━━━━━ EXERCISE INPUT

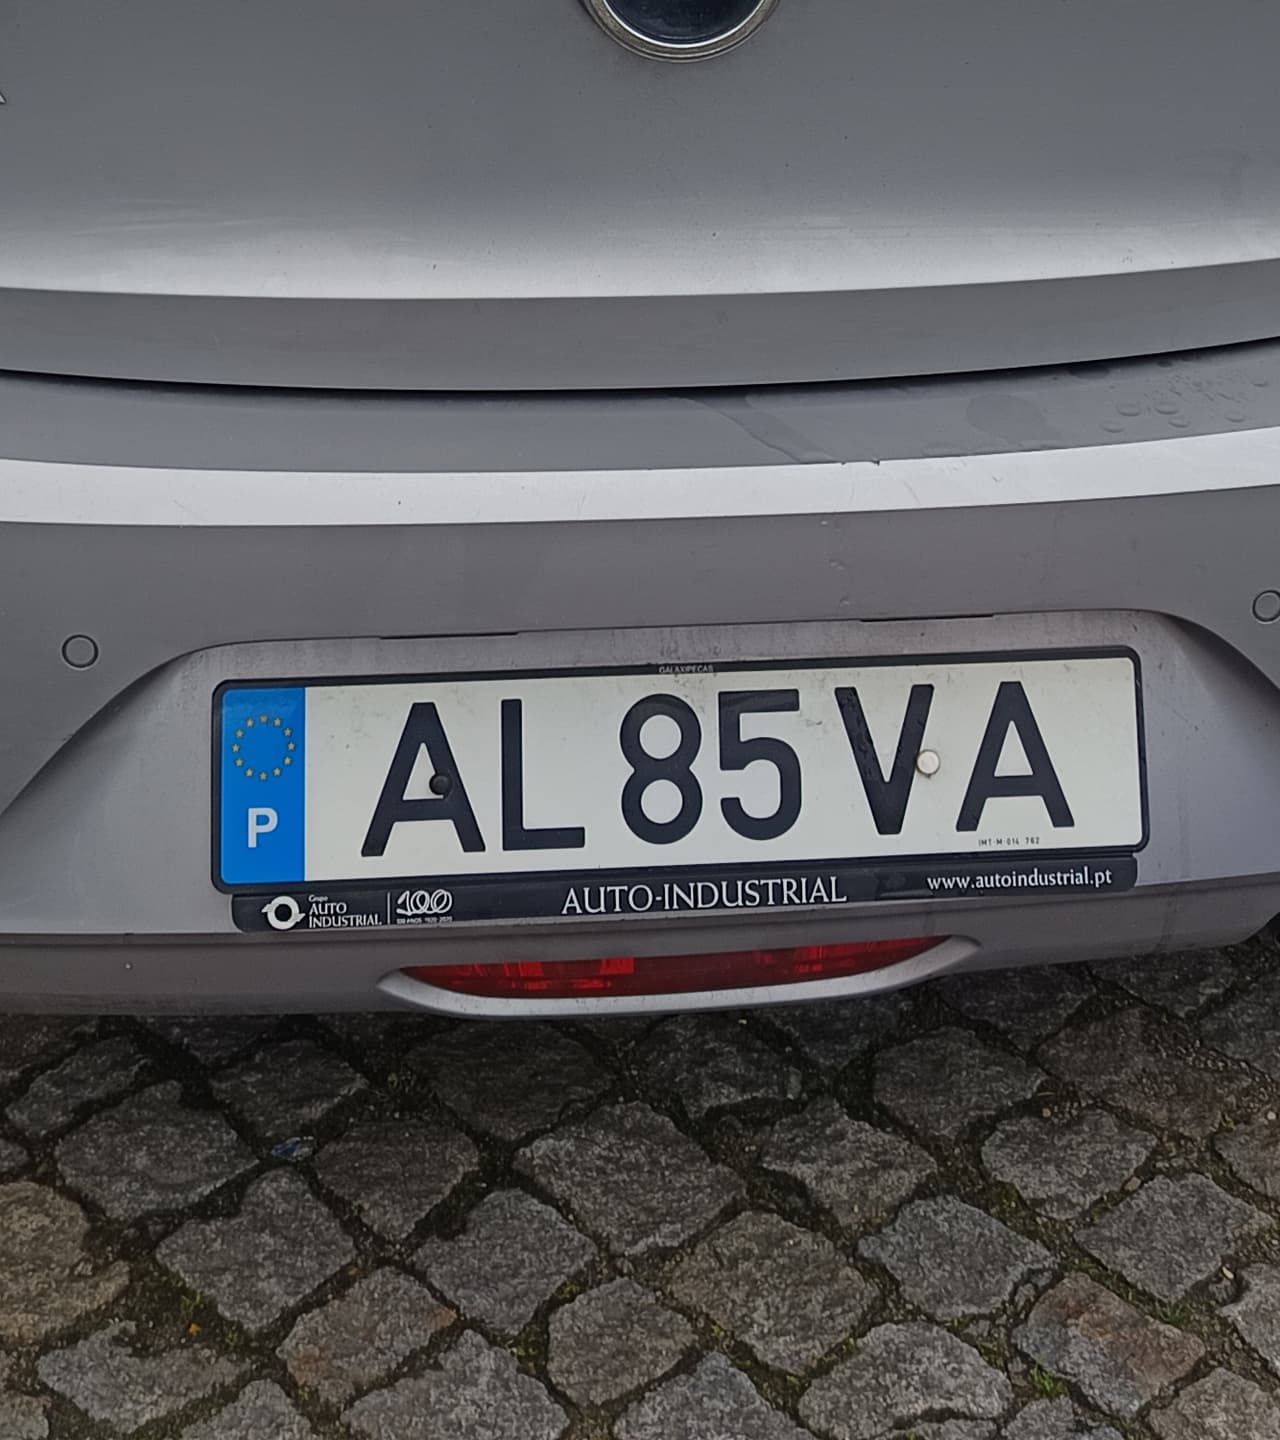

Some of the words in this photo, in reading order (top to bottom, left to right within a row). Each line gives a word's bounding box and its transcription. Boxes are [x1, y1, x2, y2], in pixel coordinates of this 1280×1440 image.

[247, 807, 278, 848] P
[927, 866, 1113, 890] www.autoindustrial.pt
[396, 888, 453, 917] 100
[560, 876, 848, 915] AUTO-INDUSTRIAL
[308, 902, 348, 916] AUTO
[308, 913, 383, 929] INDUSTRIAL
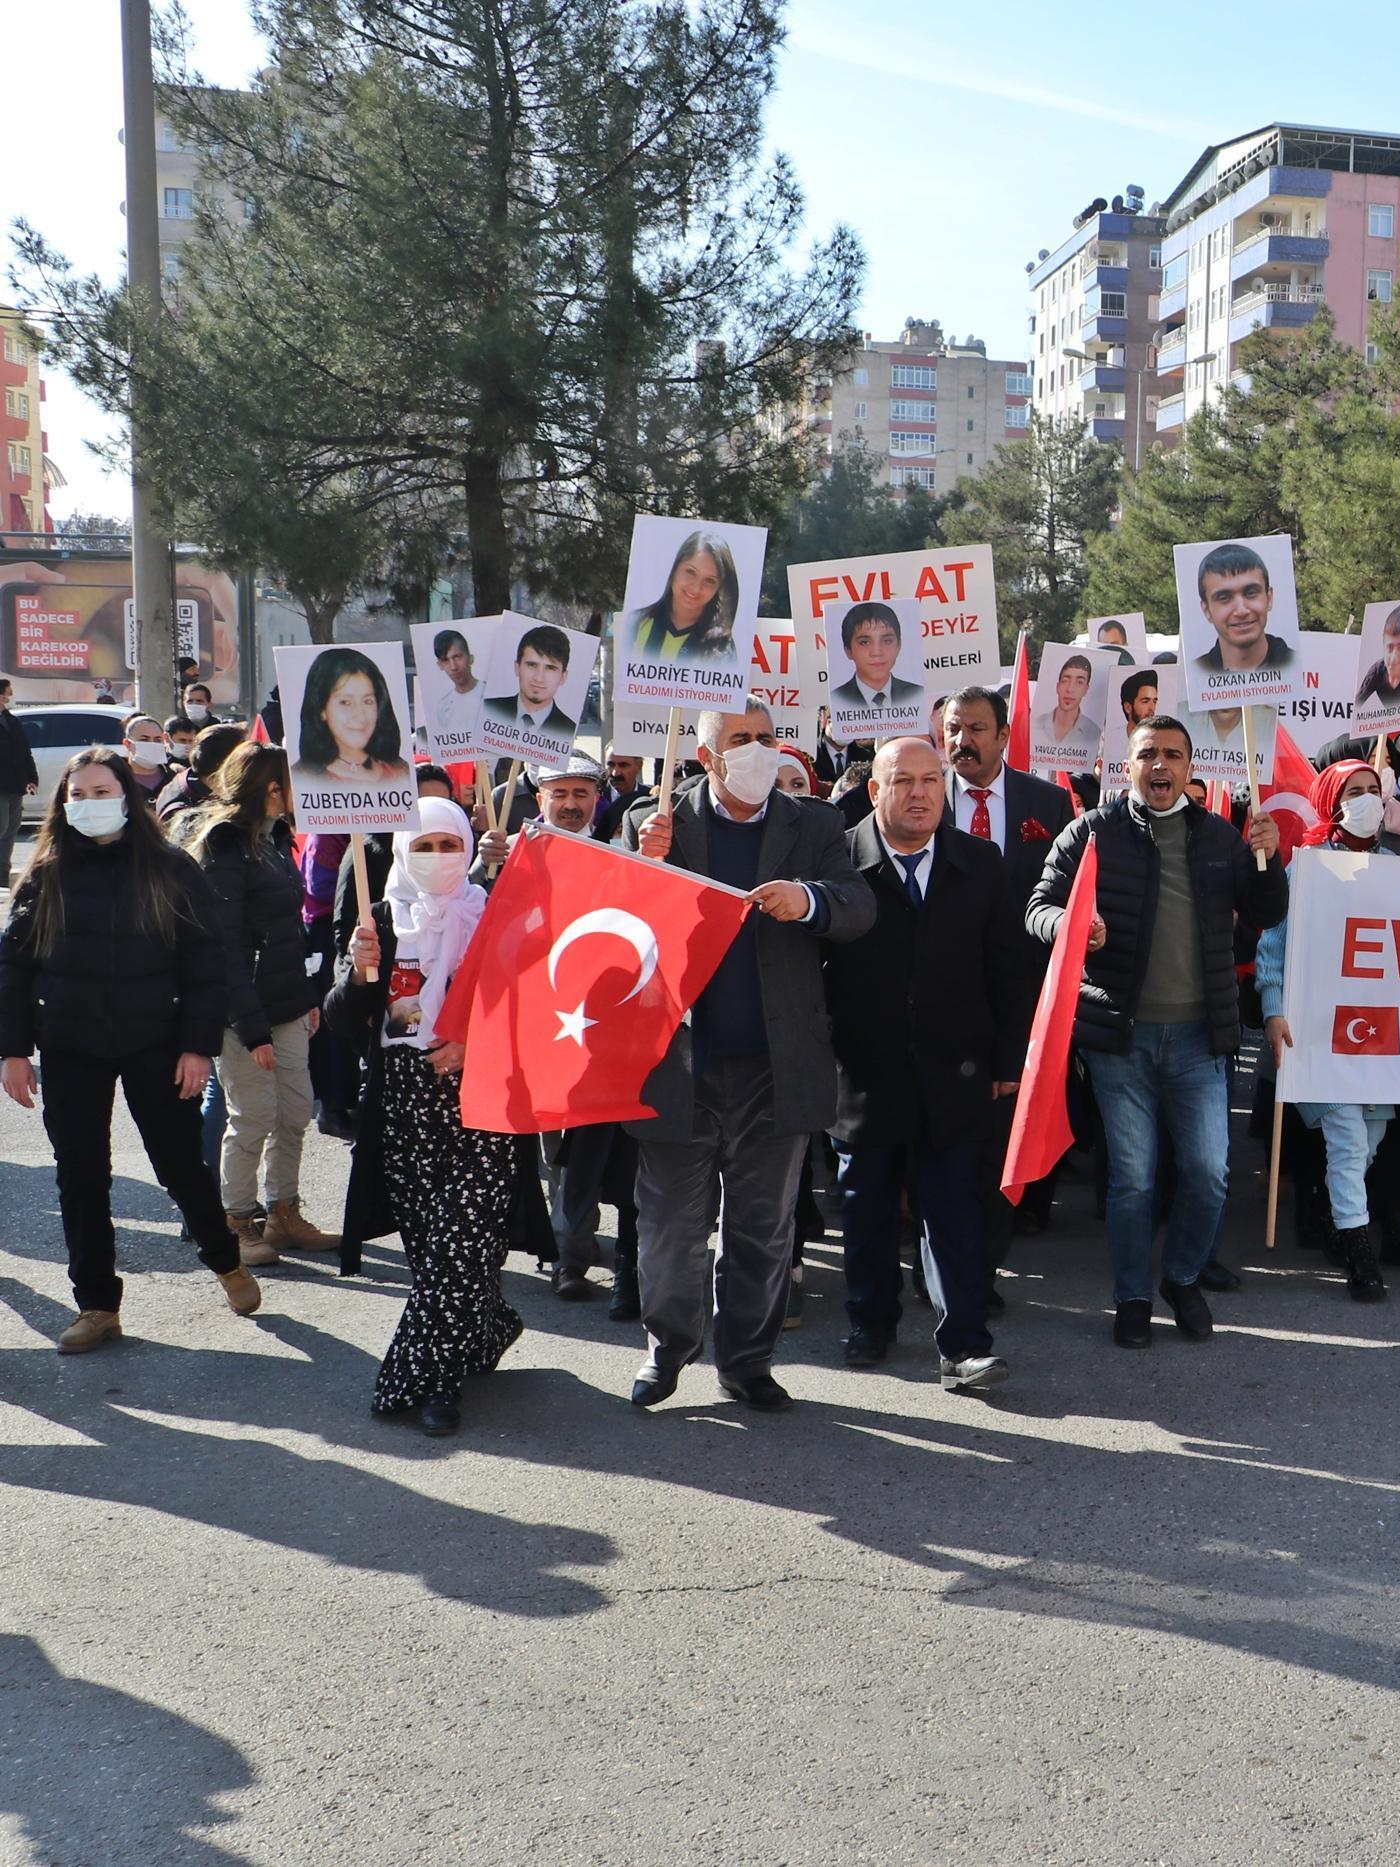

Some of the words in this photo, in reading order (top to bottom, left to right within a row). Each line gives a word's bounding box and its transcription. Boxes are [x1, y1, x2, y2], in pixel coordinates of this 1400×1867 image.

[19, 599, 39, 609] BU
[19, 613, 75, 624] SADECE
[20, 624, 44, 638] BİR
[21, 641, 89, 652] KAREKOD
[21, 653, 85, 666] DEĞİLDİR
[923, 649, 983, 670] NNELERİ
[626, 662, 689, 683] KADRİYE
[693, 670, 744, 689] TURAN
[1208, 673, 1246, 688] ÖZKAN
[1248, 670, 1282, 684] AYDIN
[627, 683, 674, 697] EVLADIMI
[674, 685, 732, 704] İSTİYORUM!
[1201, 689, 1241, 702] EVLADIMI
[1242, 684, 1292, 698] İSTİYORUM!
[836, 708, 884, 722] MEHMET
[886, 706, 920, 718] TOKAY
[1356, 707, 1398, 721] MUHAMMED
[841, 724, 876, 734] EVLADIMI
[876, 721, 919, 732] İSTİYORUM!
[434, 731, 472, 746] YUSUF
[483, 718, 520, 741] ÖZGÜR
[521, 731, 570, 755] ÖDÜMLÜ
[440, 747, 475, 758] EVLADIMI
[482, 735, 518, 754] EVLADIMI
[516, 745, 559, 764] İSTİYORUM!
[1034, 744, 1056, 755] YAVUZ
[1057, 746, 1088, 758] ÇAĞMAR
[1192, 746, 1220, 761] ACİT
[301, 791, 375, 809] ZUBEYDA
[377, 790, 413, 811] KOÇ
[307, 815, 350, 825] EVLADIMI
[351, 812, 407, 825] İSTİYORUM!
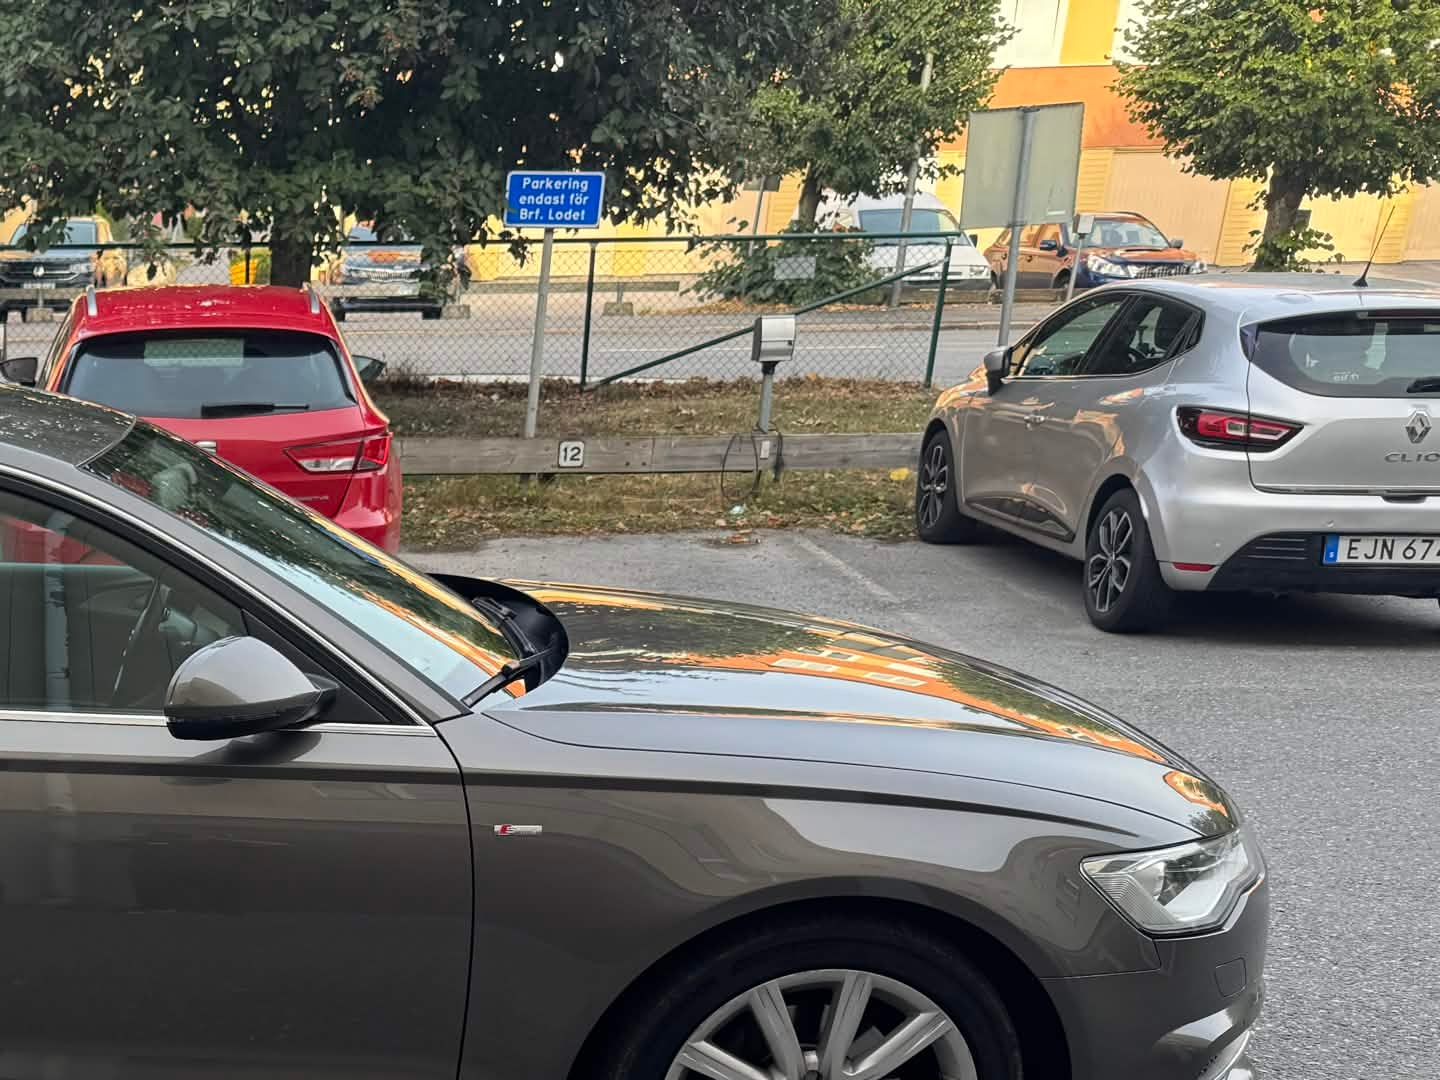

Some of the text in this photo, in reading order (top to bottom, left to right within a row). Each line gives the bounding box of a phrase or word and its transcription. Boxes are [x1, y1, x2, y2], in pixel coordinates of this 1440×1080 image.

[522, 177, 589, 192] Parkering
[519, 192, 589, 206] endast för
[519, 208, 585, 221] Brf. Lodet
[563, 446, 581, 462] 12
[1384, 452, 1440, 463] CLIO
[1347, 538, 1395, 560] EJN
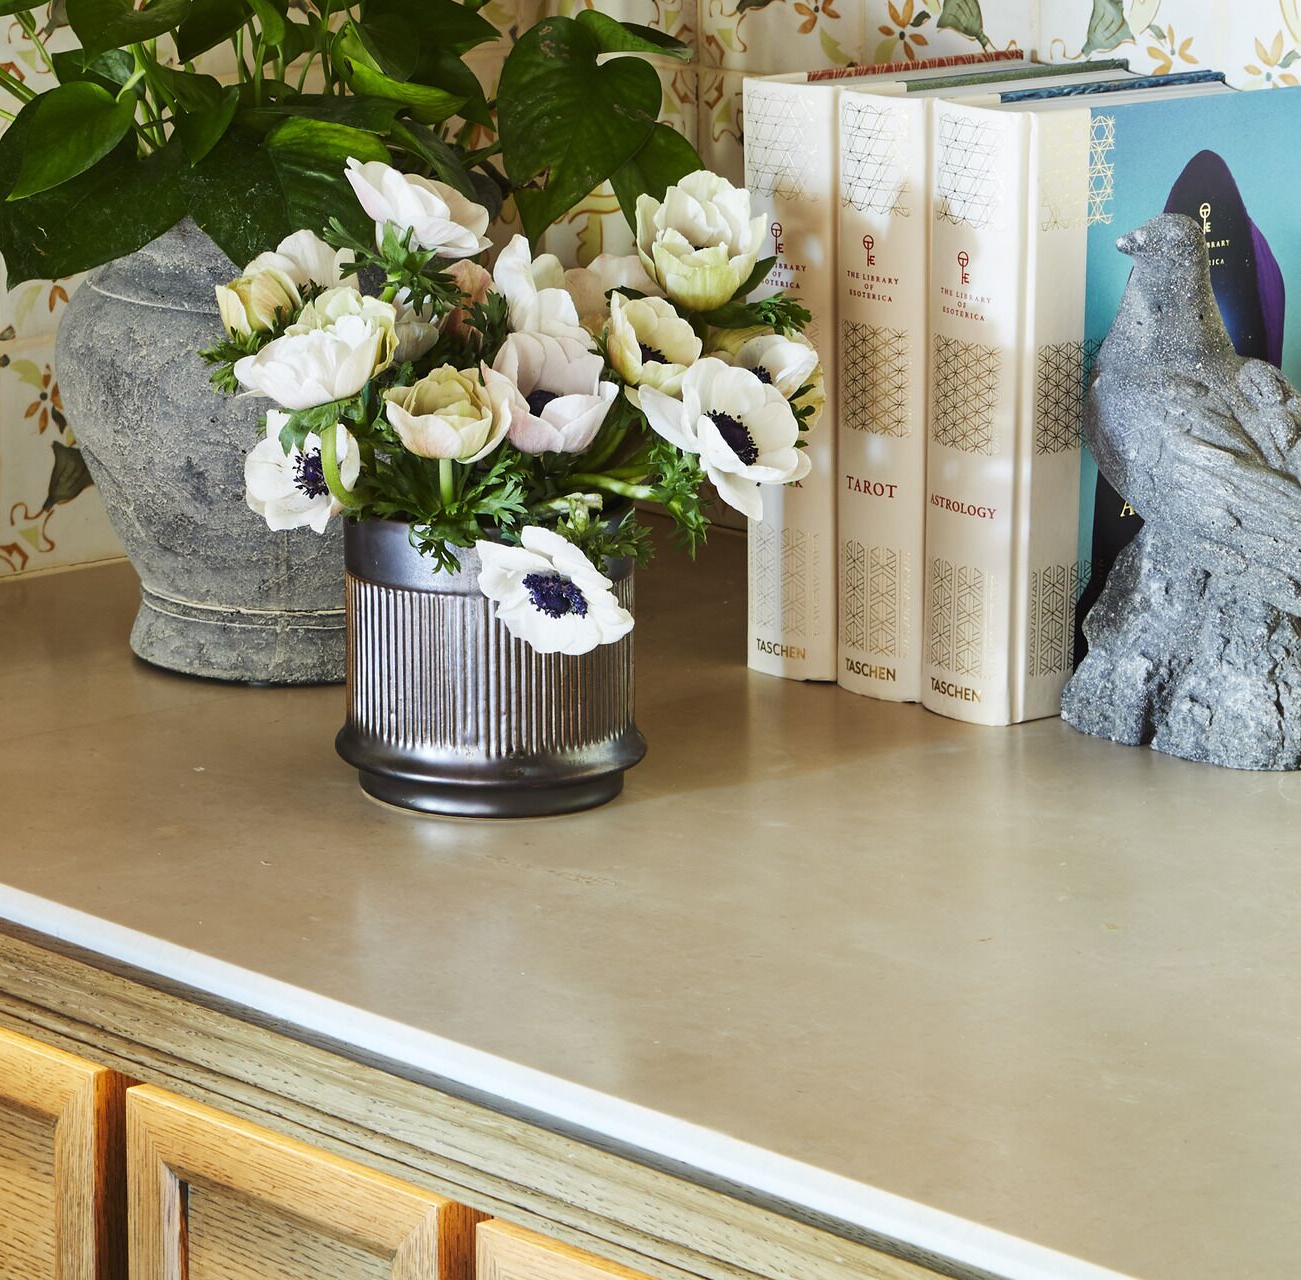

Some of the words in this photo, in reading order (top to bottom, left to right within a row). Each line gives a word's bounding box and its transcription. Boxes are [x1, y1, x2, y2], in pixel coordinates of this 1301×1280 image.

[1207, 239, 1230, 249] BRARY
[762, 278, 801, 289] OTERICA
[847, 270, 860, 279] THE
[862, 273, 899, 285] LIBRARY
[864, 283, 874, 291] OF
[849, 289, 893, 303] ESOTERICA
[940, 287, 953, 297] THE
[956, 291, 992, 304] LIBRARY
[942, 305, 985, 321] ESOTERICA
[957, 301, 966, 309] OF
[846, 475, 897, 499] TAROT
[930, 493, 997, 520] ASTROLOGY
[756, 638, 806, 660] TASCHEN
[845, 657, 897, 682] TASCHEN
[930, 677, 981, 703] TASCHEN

━━━━━━━━━━

*TRY IT:*
All lines from the one containing "this 1301×1280 image." to the last line of the material above must be copied exactly, and only those.

*WORKED SOLUTION:*
Some of the words in this photo, in reading order (top to bottom, left to right within a row). Each line gives a word's bounding box and its transcription. Boxes are [x1, y1, x2, y2], in pixel coordinates of this 1301×1280 image.

[1207, 239, 1230, 249] BRARY
[762, 278, 801, 289] OTERICA
[847, 270, 860, 279] THE
[862, 273, 899, 285] LIBRARY
[864, 283, 874, 291] OF
[849, 289, 893, 303] ESOTERICA
[940, 287, 953, 297] THE
[956, 291, 992, 304] LIBRARY
[942, 305, 985, 321] ESOTERICA
[957, 301, 966, 309] OF
[846, 475, 897, 499] TAROT
[930, 493, 997, 520] ASTROLOGY
[756, 638, 806, 660] TASCHEN
[845, 657, 897, 682] TASCHEN
[930, 677, 981, 703] TASCHEN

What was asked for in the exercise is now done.